The age of the damned backswing and modus tollens

The Damned Backswing is a real phenomenon, but it need not be the last word; every thing that is taken away can be a cutting of the Vinedresser.

Since ninjutsu decided that it is better for a ninja to have real night vision, artificial light, even of fire, was treated as something that would quench natural night vision. But in our time the pure organic light of incandescent bulbs has been progressively phased out in favor of the plastic light of fluorescent bulbs, whose buzzing is a nuisance even to the blind. There are further steps away from the organic white of incandescent bulbs; LED lights offer a lunar white which is not helpful if you wish to pick out an outfit where the colors fit with each other instead of clashing; lunar white looks white but it provides a greyscale vision with colors barely discernible. (And is there a hint of the future in that lunar white light bulbs have no mercury and take a fraction of a CFL's power draw?) Once conservatives balked at the brightness of new (incandescent) light bulbs, offering vision comparable to sunlight at any time and any place.
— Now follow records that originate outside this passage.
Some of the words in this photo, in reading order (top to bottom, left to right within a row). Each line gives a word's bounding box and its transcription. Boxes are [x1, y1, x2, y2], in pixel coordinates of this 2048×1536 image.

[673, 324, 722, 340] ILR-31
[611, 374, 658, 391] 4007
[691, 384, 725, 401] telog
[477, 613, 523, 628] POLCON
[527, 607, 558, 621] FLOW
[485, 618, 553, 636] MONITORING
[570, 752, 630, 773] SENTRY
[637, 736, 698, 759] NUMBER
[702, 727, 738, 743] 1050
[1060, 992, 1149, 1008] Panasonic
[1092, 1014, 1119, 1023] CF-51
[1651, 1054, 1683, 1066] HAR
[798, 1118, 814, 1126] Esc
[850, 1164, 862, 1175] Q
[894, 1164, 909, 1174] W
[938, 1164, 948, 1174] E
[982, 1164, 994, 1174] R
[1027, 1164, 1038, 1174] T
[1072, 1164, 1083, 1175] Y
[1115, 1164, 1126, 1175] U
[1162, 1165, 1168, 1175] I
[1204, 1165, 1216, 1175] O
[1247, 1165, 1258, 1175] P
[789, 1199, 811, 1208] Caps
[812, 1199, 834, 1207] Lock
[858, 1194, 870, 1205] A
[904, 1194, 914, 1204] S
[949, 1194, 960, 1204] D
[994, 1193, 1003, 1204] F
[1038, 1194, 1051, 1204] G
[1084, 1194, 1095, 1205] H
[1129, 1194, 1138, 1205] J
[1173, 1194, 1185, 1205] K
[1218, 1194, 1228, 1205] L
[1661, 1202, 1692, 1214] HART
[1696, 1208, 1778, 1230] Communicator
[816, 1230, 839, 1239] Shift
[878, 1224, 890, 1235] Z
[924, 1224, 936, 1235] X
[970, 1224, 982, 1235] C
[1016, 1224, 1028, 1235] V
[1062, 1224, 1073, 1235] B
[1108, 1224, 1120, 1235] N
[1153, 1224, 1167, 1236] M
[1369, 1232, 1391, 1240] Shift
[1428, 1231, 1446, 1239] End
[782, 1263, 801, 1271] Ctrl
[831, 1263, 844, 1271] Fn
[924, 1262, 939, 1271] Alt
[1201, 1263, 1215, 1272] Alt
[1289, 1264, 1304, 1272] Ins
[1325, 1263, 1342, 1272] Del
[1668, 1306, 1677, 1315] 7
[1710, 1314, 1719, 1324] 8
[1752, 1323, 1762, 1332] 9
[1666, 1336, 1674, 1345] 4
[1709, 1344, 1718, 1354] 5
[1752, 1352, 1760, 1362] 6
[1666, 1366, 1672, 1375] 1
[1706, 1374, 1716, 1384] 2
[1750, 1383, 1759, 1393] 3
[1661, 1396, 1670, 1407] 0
But the stern hand of a government that believes it knows better than us may be wielded by one who knows better than government. This One who knows better than government might use the pest of the fluorescent light to draw people to use the day as day and the night as the night. And that may be gain and not loss. We may lose the organic light of incandescent light sources to gain the Organic light of the Sun.
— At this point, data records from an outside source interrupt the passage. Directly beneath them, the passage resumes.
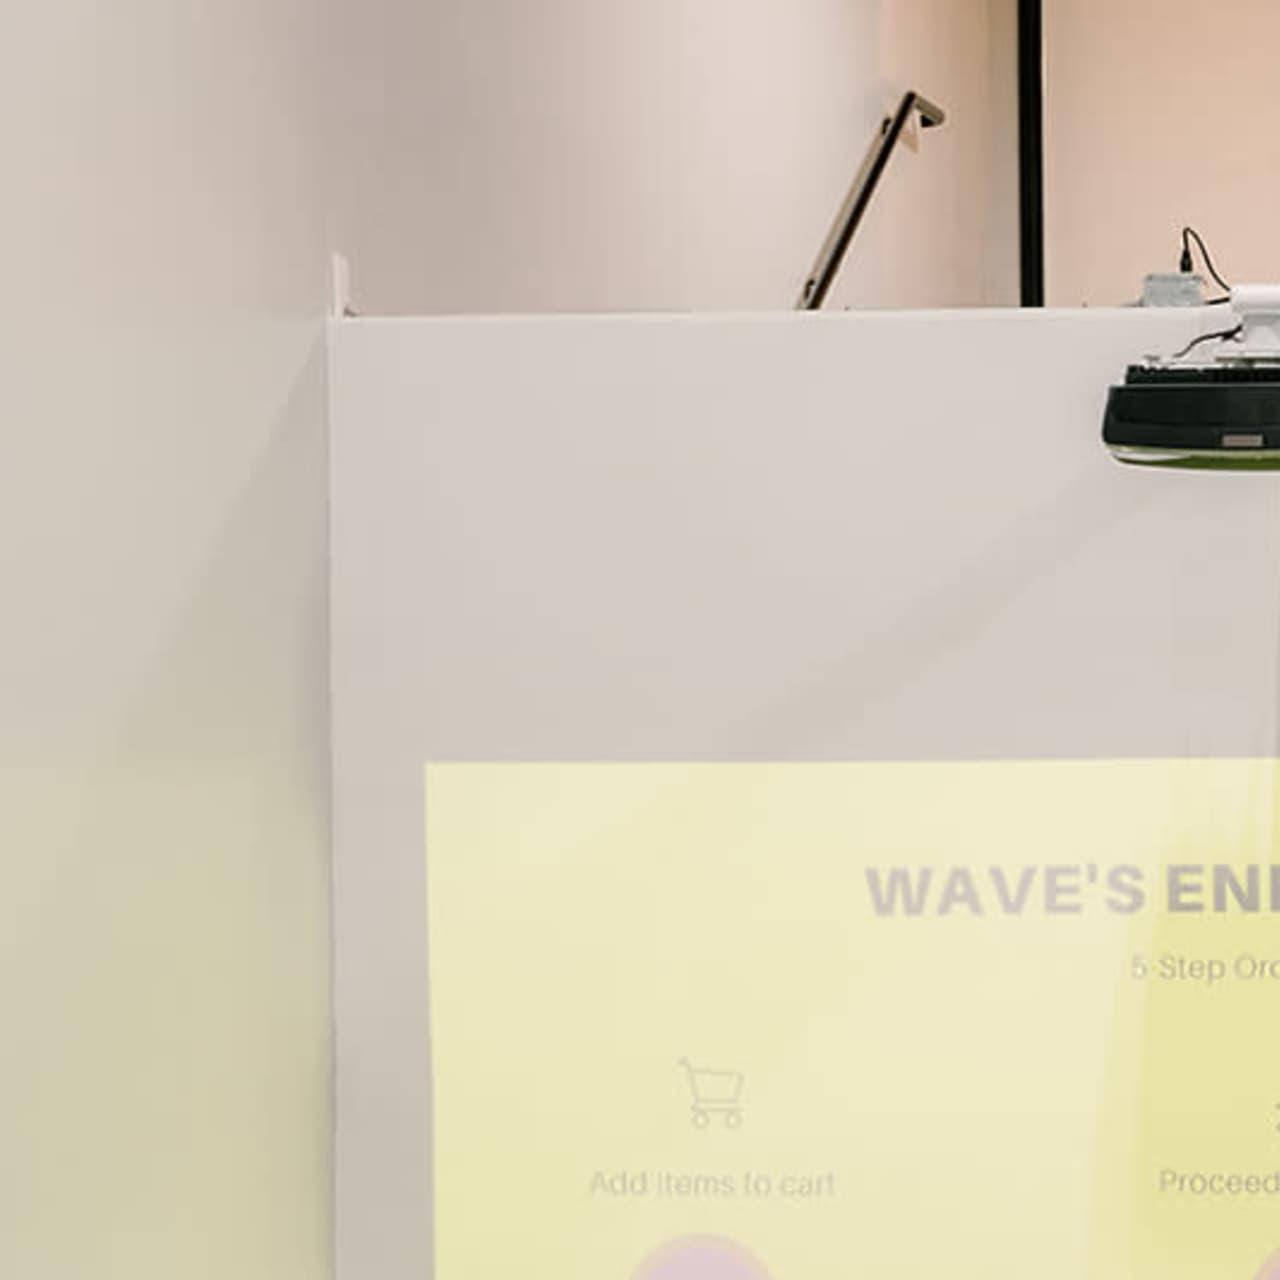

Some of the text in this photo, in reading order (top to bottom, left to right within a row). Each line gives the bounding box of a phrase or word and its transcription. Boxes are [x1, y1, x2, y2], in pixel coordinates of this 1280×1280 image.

[865, 863, 1146, 916] WAVE'S
[588, 1170, 836, 1198] Add items to cart
[1159, 1169, 1280, 1196] Proceed
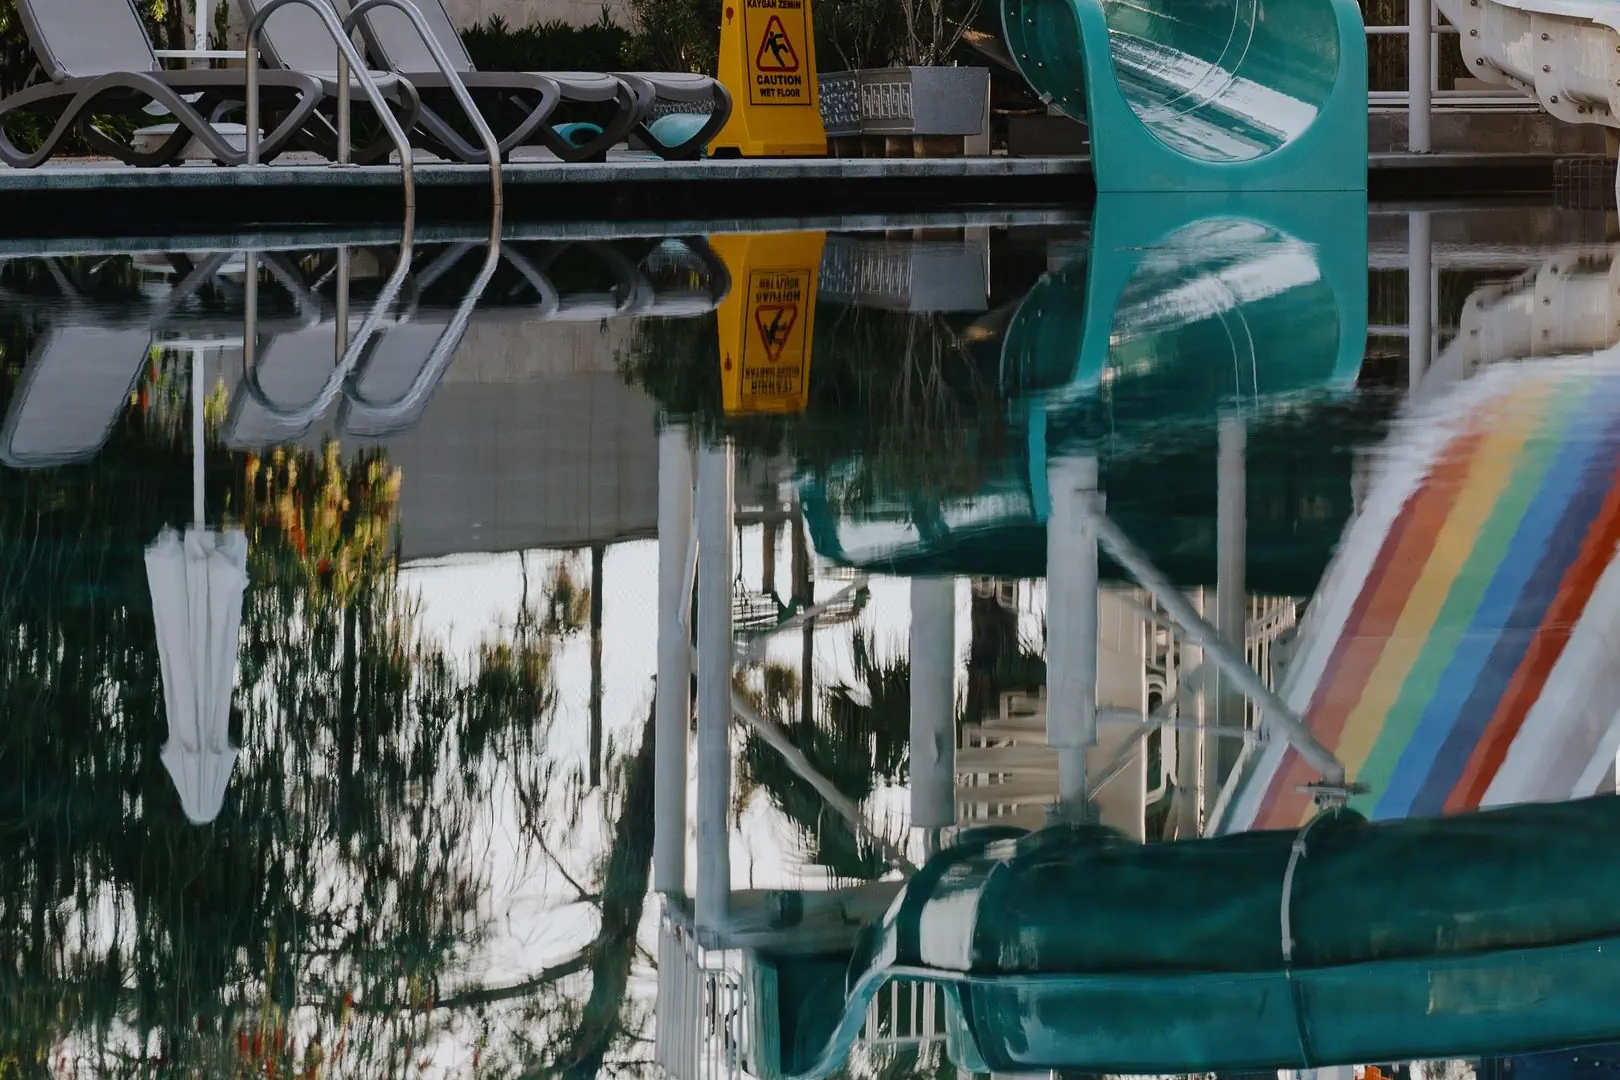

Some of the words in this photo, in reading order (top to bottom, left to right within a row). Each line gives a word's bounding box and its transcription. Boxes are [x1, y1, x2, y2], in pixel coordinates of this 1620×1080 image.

[747, 0, 777, 9] KAYGAN
[757, 74, 802, 86] CAUTION
[760, 88, 776, 97] WET
[777, 88, 801, 98] FLOOR
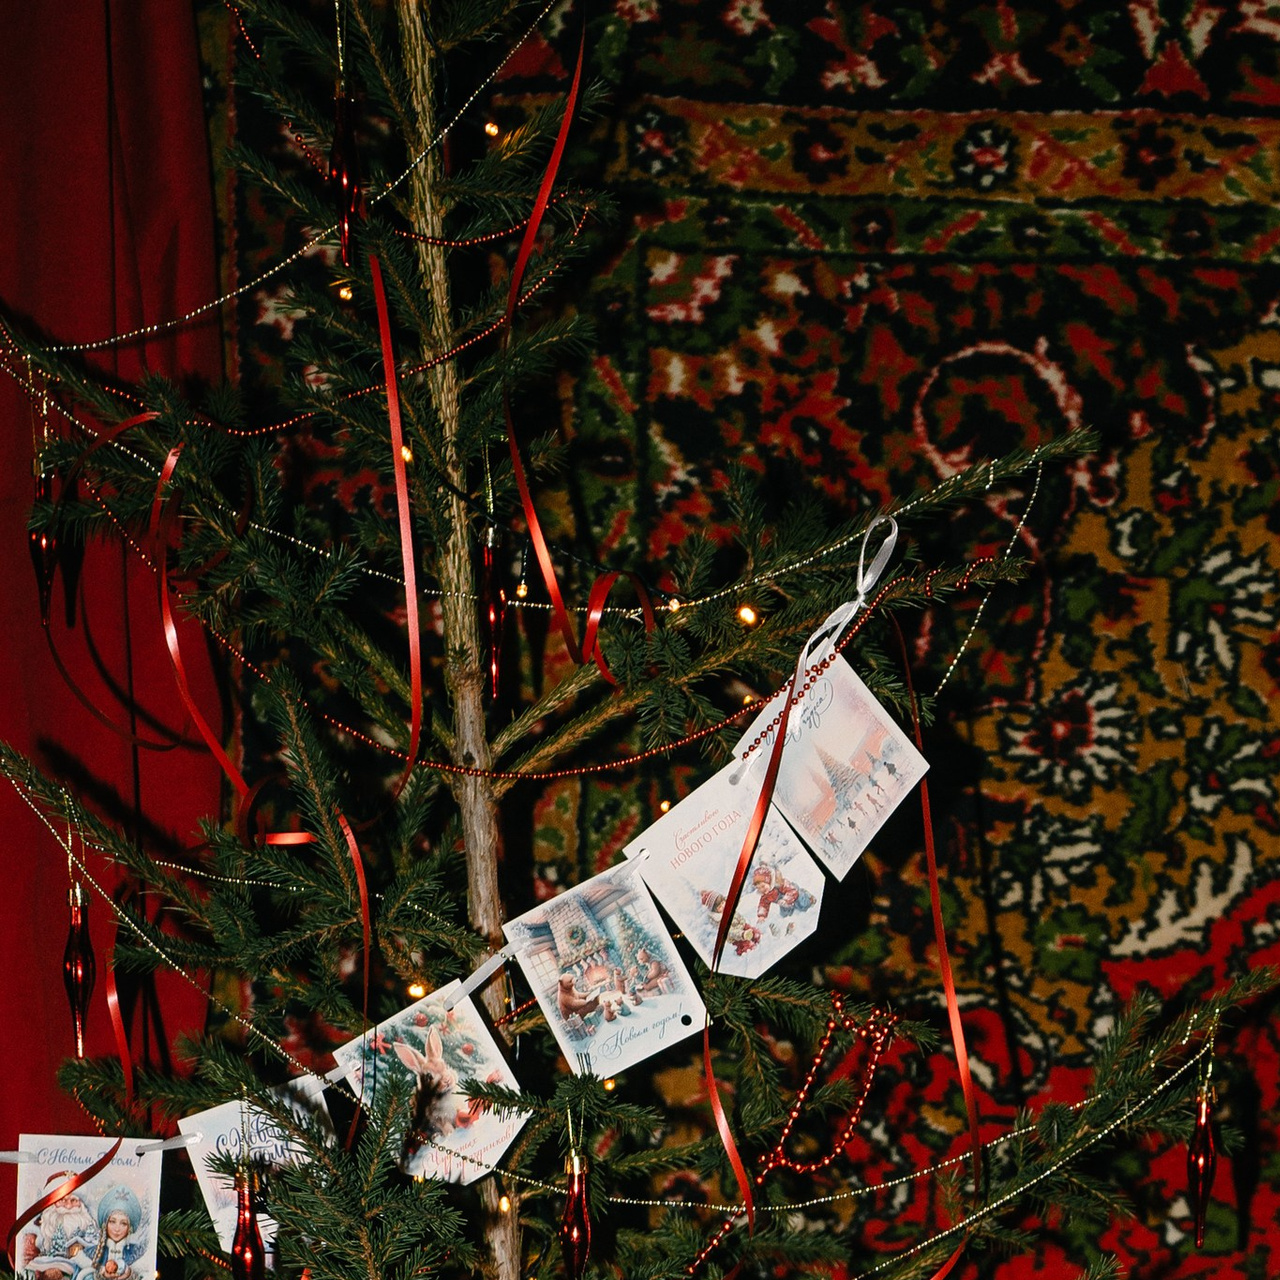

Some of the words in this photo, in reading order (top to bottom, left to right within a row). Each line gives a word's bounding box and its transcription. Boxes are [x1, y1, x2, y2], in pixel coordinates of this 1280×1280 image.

The many ages of modus ponens

Reading, on a doctor's advice, The Paleo Solution rumbled with a few implications. Probably the biggest change in perspective was that I viewed the New Testament as incredibly ancient, and the Old Testament as even more ancient. The Paleo Solution suggests that the most profound change in the time humans have been around has been the agricultural revolution, which took place after 99.5% of the time people have been around. While Genesis may place nomads alongside builders of cities, Exodus fairly clearly assumes the agricultural revolution has taken place. And even on purely secular grounds the New Testament exists in a closer-to-modern era. Historians may note that people in the U.S. made a very conscious technological decision to have roads connecting places. In the time of the New Testament, there were Roman roads which vastly outstrip any transportation technology in the Old Testament, and the spread of the New Testament, which includes letters to diverse cities, was partly affected by the Roman roads.
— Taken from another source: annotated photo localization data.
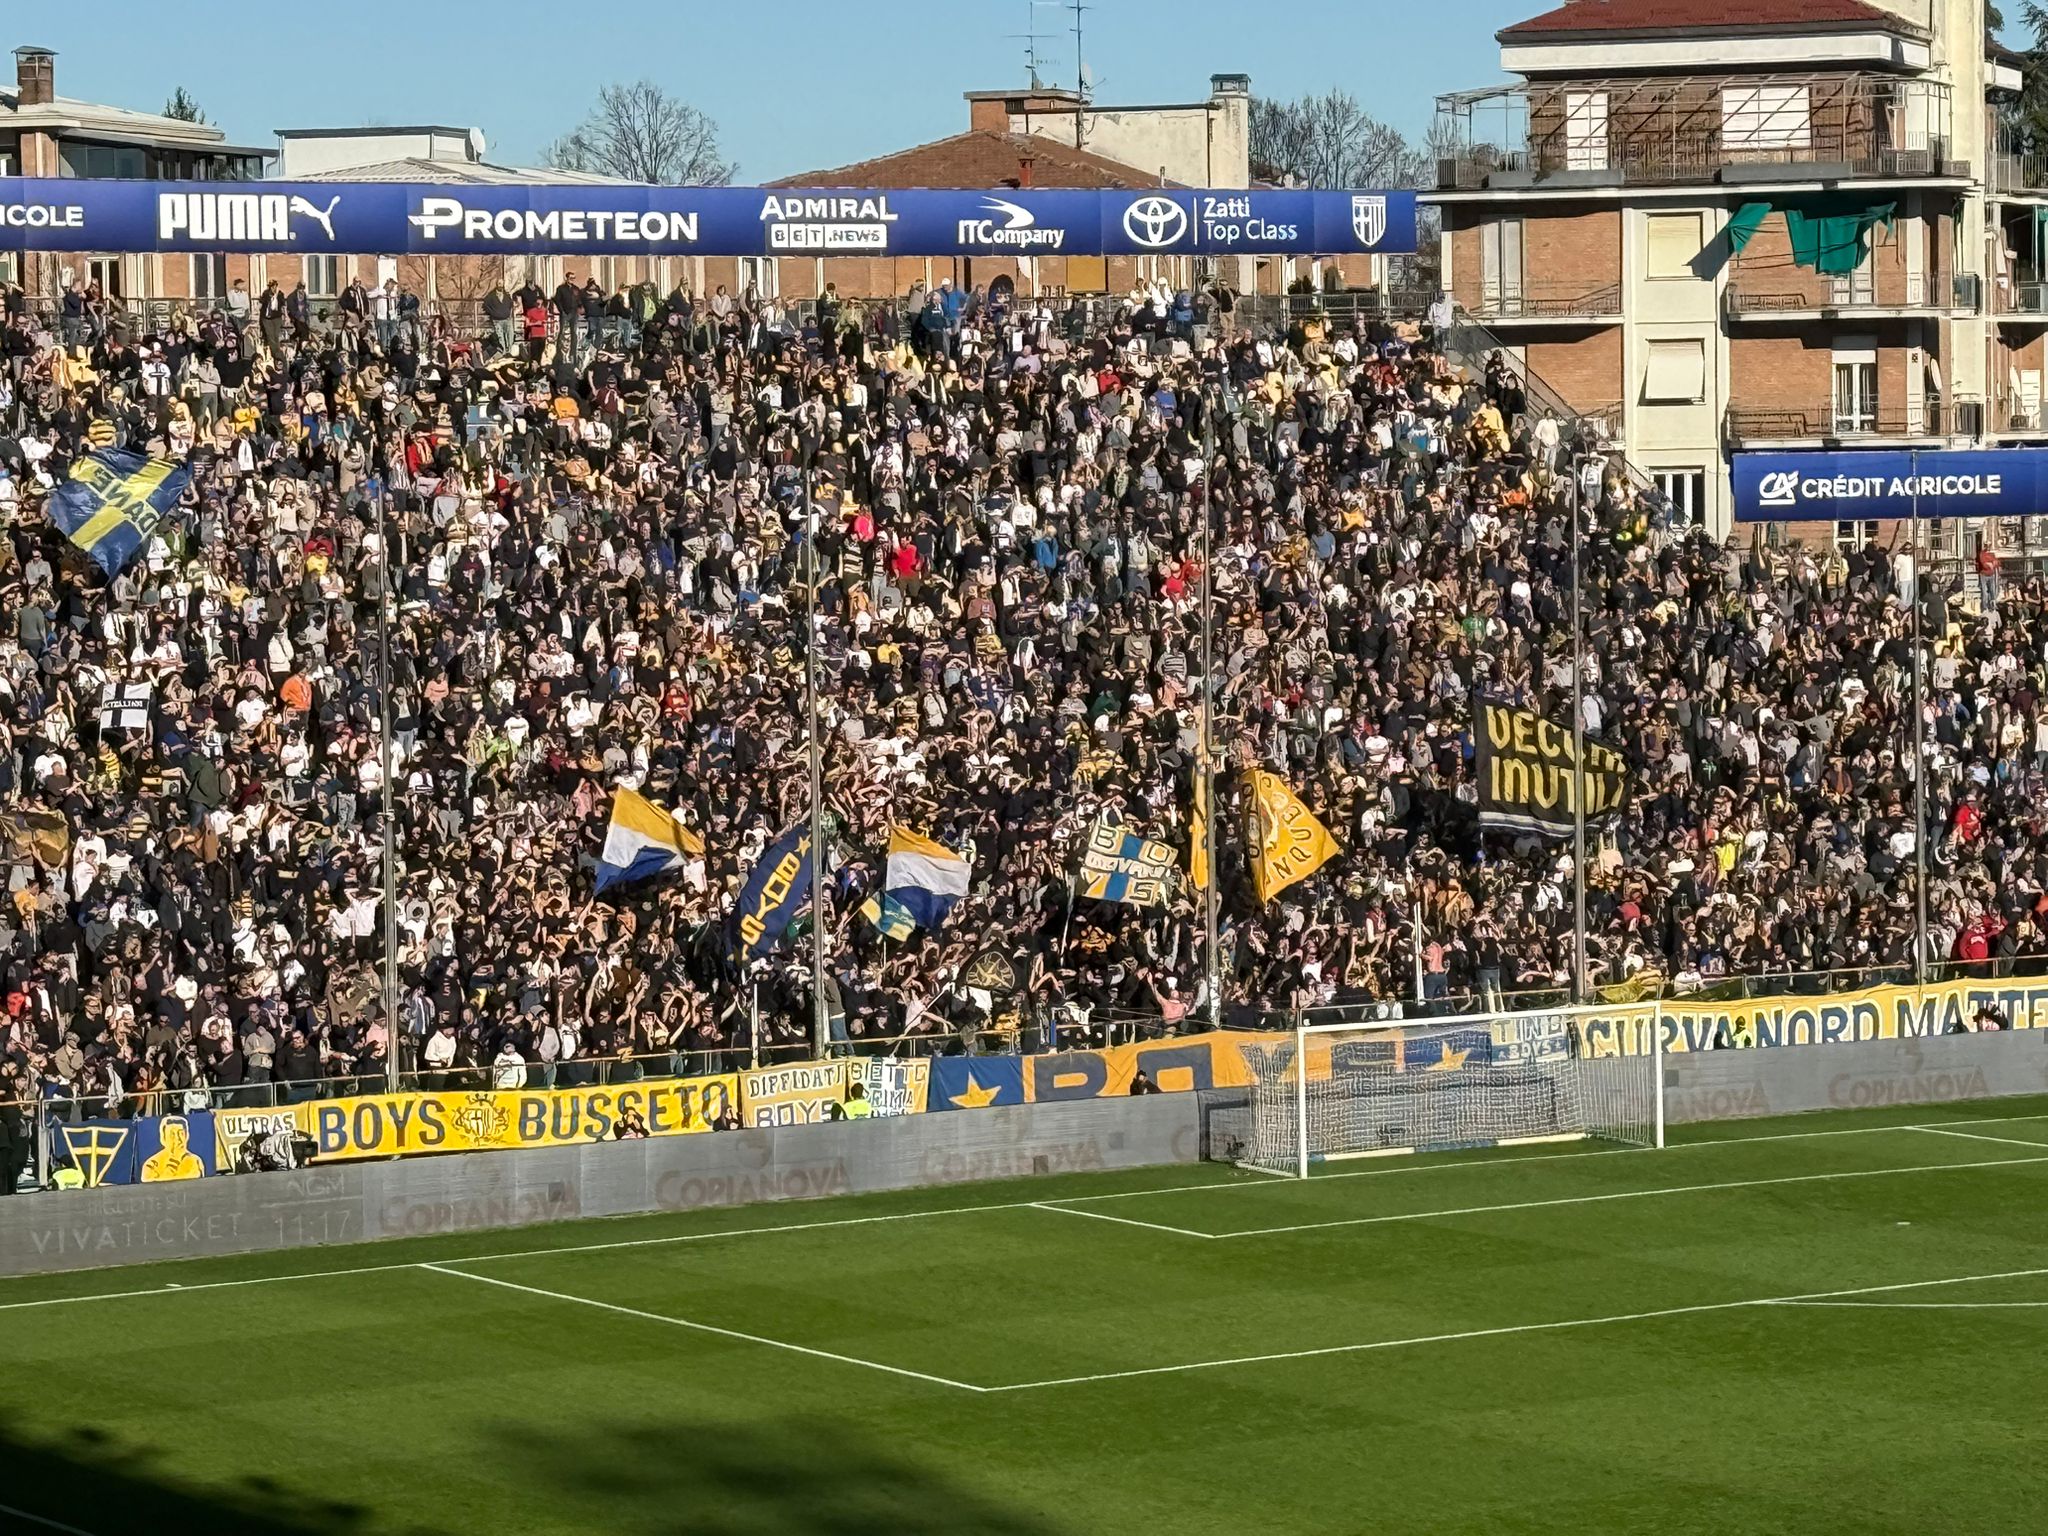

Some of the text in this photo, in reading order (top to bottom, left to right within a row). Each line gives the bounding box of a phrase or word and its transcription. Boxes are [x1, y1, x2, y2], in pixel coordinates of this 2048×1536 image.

[159, 194, 289, 240] PUMA
[408, 197, 700, 241] PROMETEON
[760, 195, 899, 221] ADMIRAL
[1203, 197, 1251, 217] Zatti
[1203, 218, 1299, 244] Top Class
[1802, 474, 1885, 499] CRÉDIT
[1888, 474, 2001, 497] AGRICOLE
[319, 1099, 446, 1152] BOYS
[519, 1080, 727, 1142] BUSSETO
And all of that is to look without enlightenment at the Old and New Testaments as well-preserved signposts to where we are technologically today. But let us continue without enlightenment for a moment.

Plastic for breakfast, lunch, snack, or dinner

The book It's Getting Better All the Time could helpfully be placed alongside Nourishing Traditions. The "Publisher comments" on It's Getting Better All the Time states:

Publisher Comments:

There has been more material progress in the United States in the 20th Century than in the entire world in all previous centuries combined.

Book News Annotation:

This work by economist Julian L. Simon (d. 1998) was left unfinished at his death but was completed and prepared for publication by his colleague, Stephen Moore. The title states the bias, which is further explicated in the introduction: "...there has been more improvement in the human condition in the past 100 years than in all of the previous centuries combined since man first appeared on the earth." In support, 100 trends pertaining to the health and welfare of, mainly, US inhabitants are presented in graphs, with interpretive text that maintains the "getting better" thrust (and the conservative orientation of the author and the publisher). Interestingly, Simon's wife injects an alternate view in a brief foreword in which she discusses her reservations about describing the 20th century in the positive terms used in the book, and she tells of her conversations with her husband on the subject. Annotation c. Book News, Inc., Portland, OR (booknews.com)

Synopsis:

There has been more material progress in the United States in the 20th century than in the entire world in all previous centuries combined. Almost every measure of health, wealth, safety, nutrition, affordability and availability of consumer goods and services, environmental quality, and social conditions indicates rapid improvement. With over 100 four-color figures and tables, this book shatters the myths about progress that are often perpetuated by doomsayers in the media and academia.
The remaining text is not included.